HR managers can use historic data to look at patterns of staffing in the past, along with projections to model future needs, taking into account company growth, plans and focus. This may include attrition and recruitment information as well as characteristics of successful leaders and executives, skills, potential, aspirations and location.
HR technology to support strategic staffing can help make sense of a vast amount of data in the context of business needs. It’s key to have a single, business-wide People database for accurate planning. Easy-to-use but powerful analytics tools make forecasts more reliable and can continually update requirements as market and company data changes.

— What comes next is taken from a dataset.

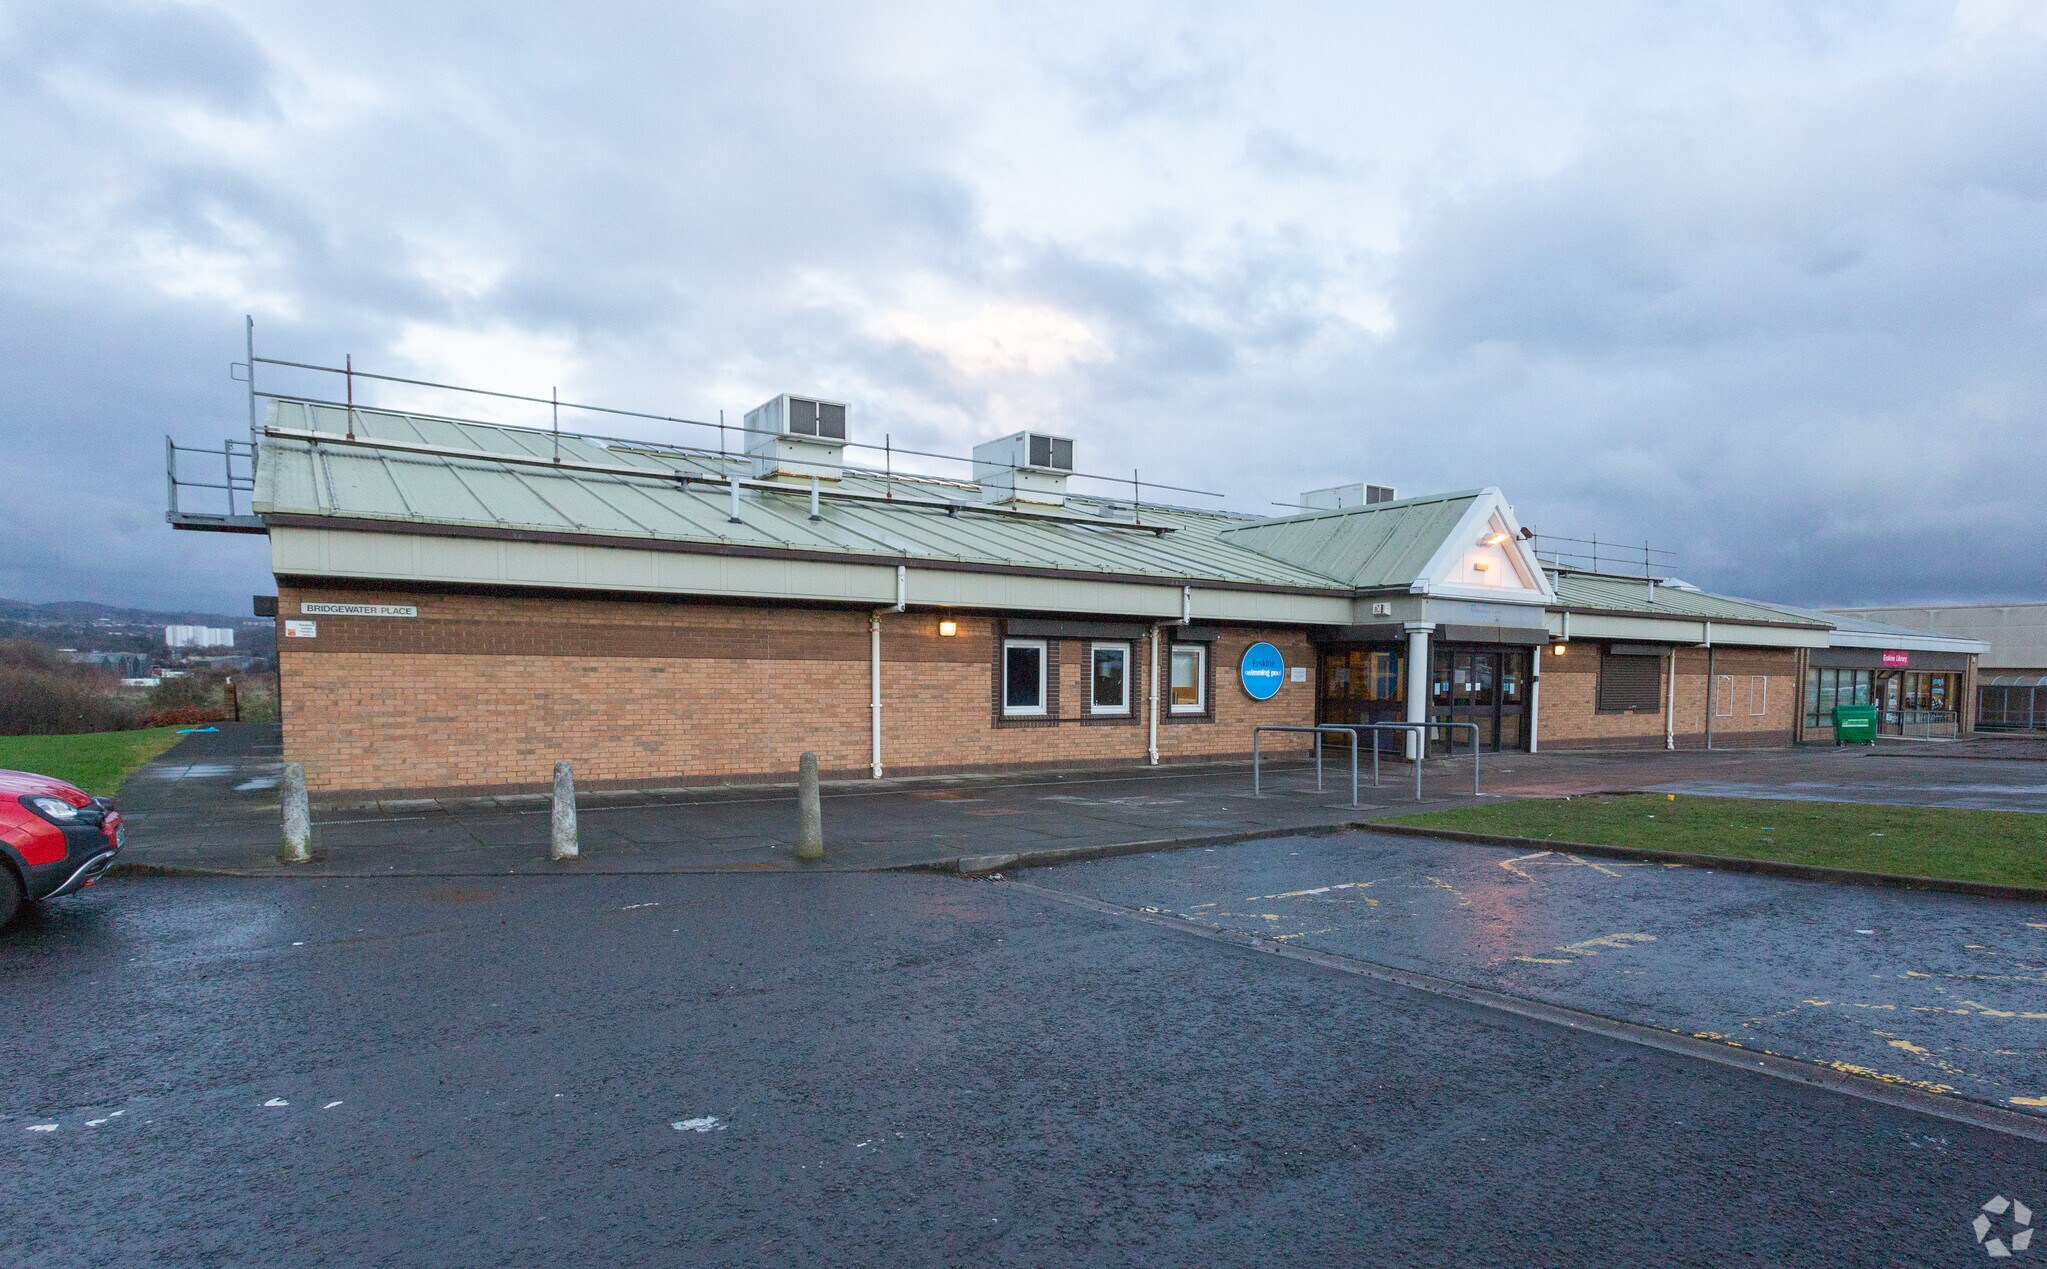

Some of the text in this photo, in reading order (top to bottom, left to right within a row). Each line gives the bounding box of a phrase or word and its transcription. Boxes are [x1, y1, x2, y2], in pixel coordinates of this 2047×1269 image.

[306, 604, 412, 615] BRIDGEWATER PLACE
[1252, 659, 1276, 668] Erskine
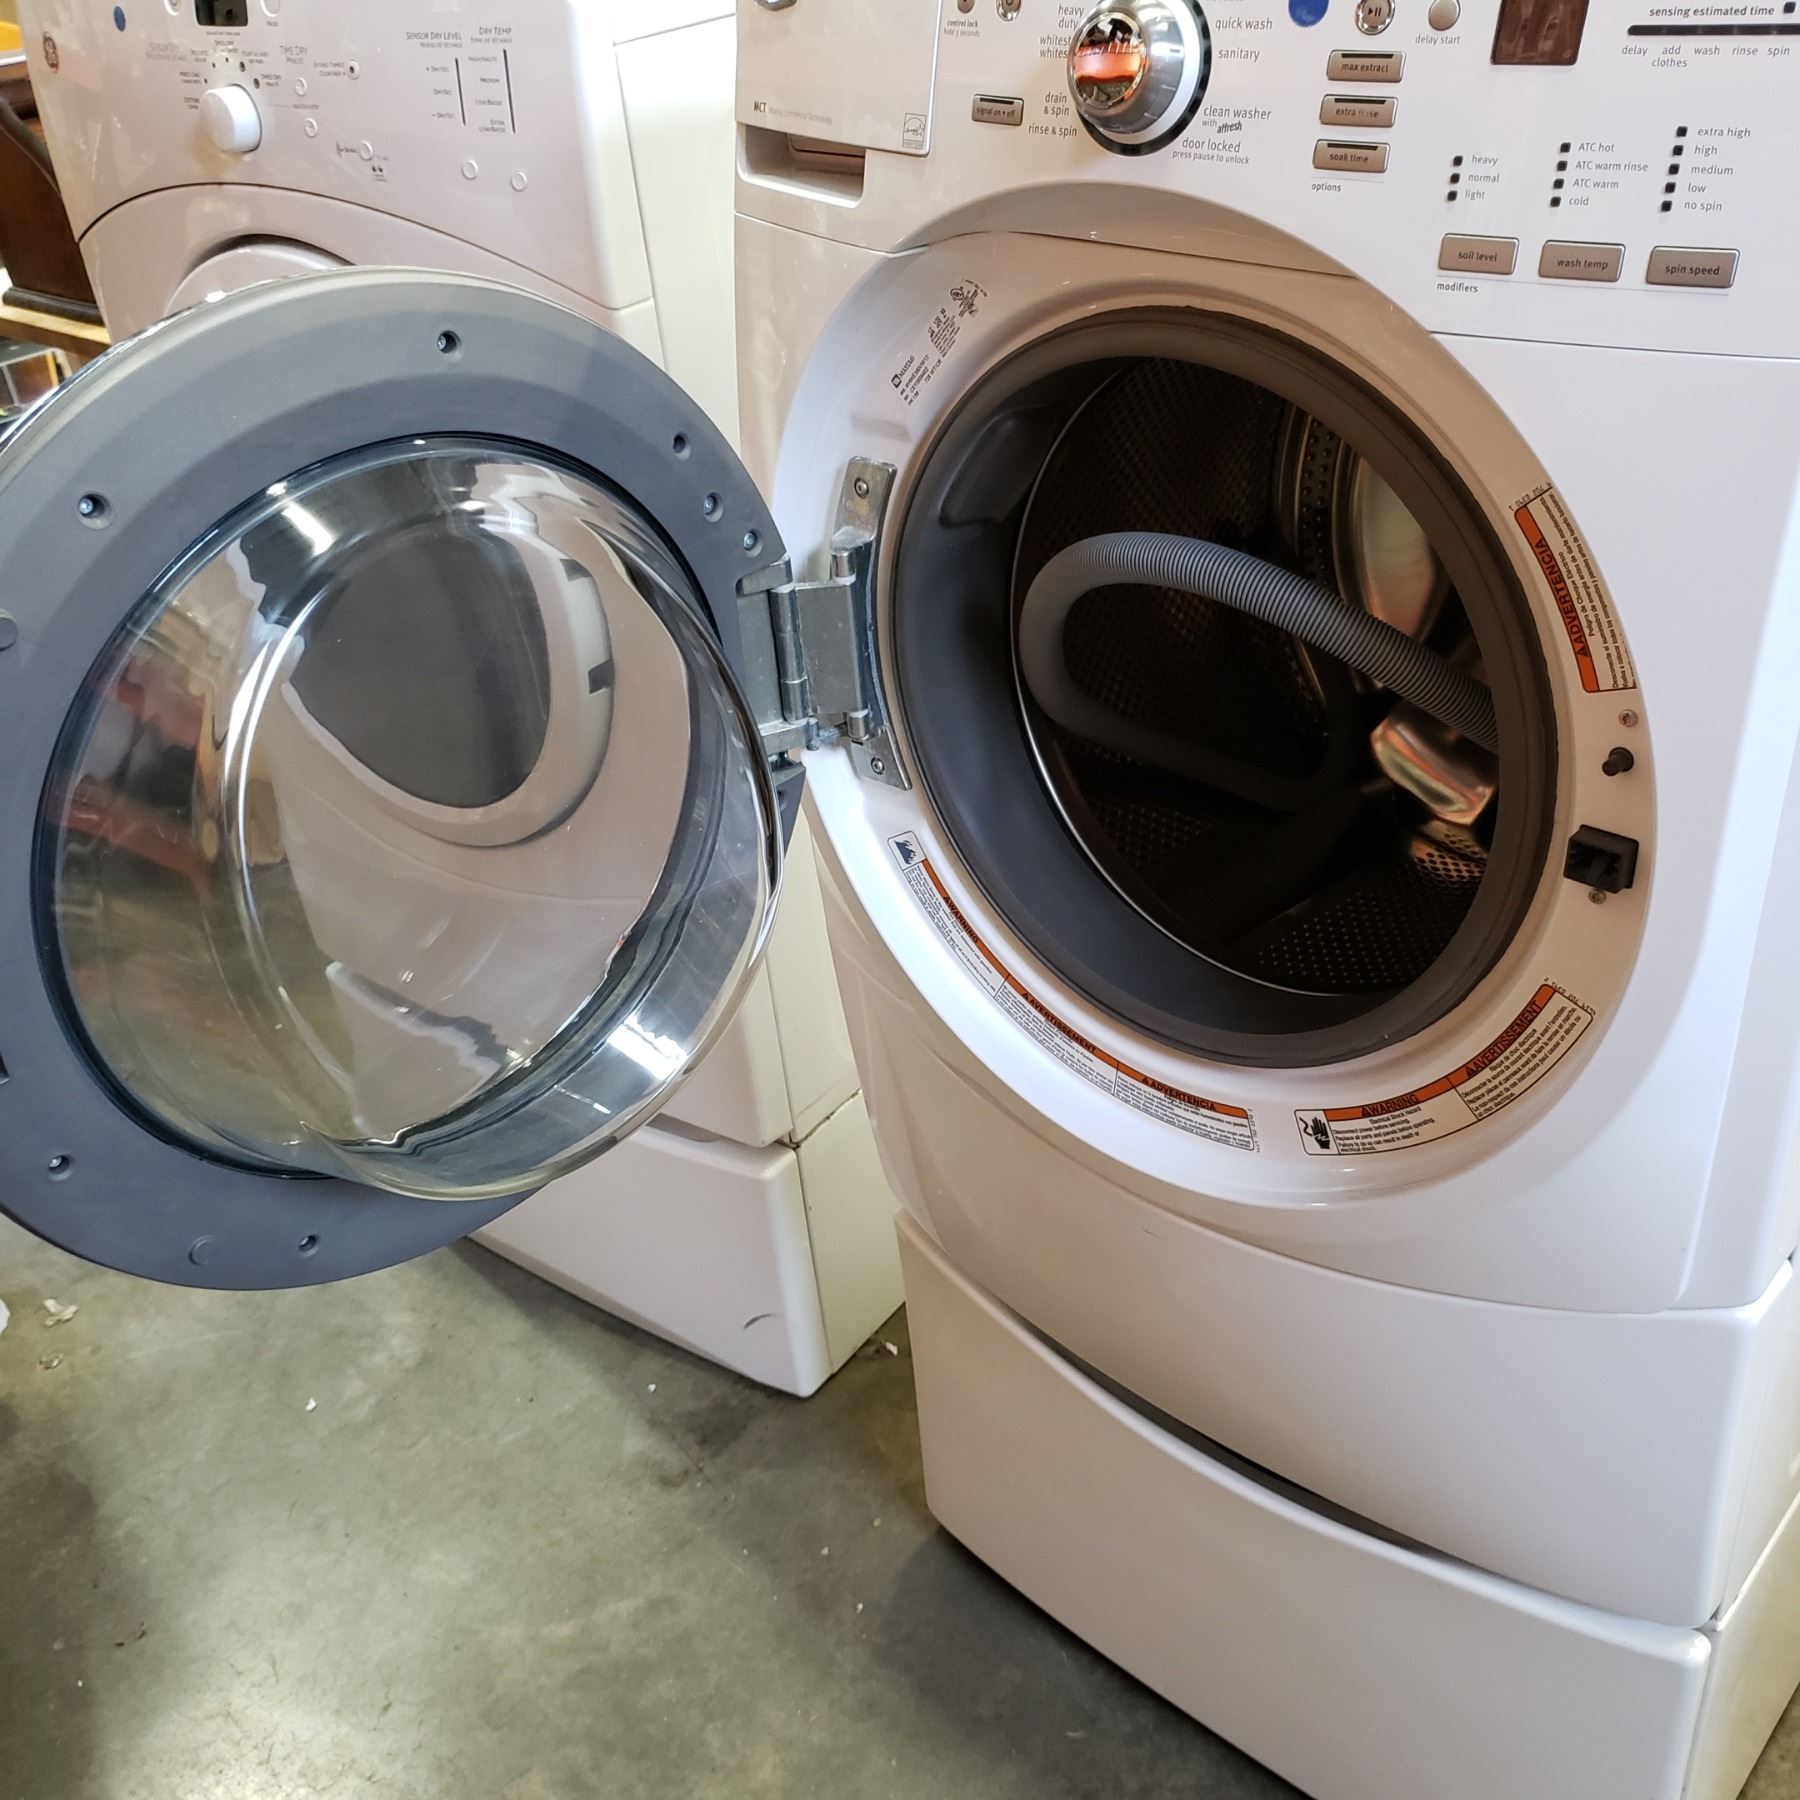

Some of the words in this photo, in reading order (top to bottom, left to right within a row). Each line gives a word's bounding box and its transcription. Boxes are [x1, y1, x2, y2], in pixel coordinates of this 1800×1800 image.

Talent acquisition is the process of recruiting new staff members from outside your organization. Basic tasks range from advertising vacancies, managing search and recruitment agencies, receiving and screening candidate applications, testing, assessing, hiring and onboarding.
In today’s competitive recruitment environment, talent acquisition has become a far more strategic and sophisticated activity. Leading employers maintain a talent pipeline, so they always know what their current and future needs are, can predict who might leave and know who has potential to be promoted internally.
Where there are internal gaps, recruitment professionals use tactics more usually associated with customer marketing to engage with and attract potential candidates. This “People Marketing” approach may include a focus on social media, establishing and nurturing an employer brand and tailoring your compensation, benefits and working culture to suit the needs and values of the people you want to attract. Find out more about building a talent pipeline.
Talent acquisition software can make the entire process easier, helping you to attract, screen and recruit people faster, get them on board smoothly, ensure that candidates and recruits become advocates for your brand and begin the process of nurturing and engaging employees right from the beginning.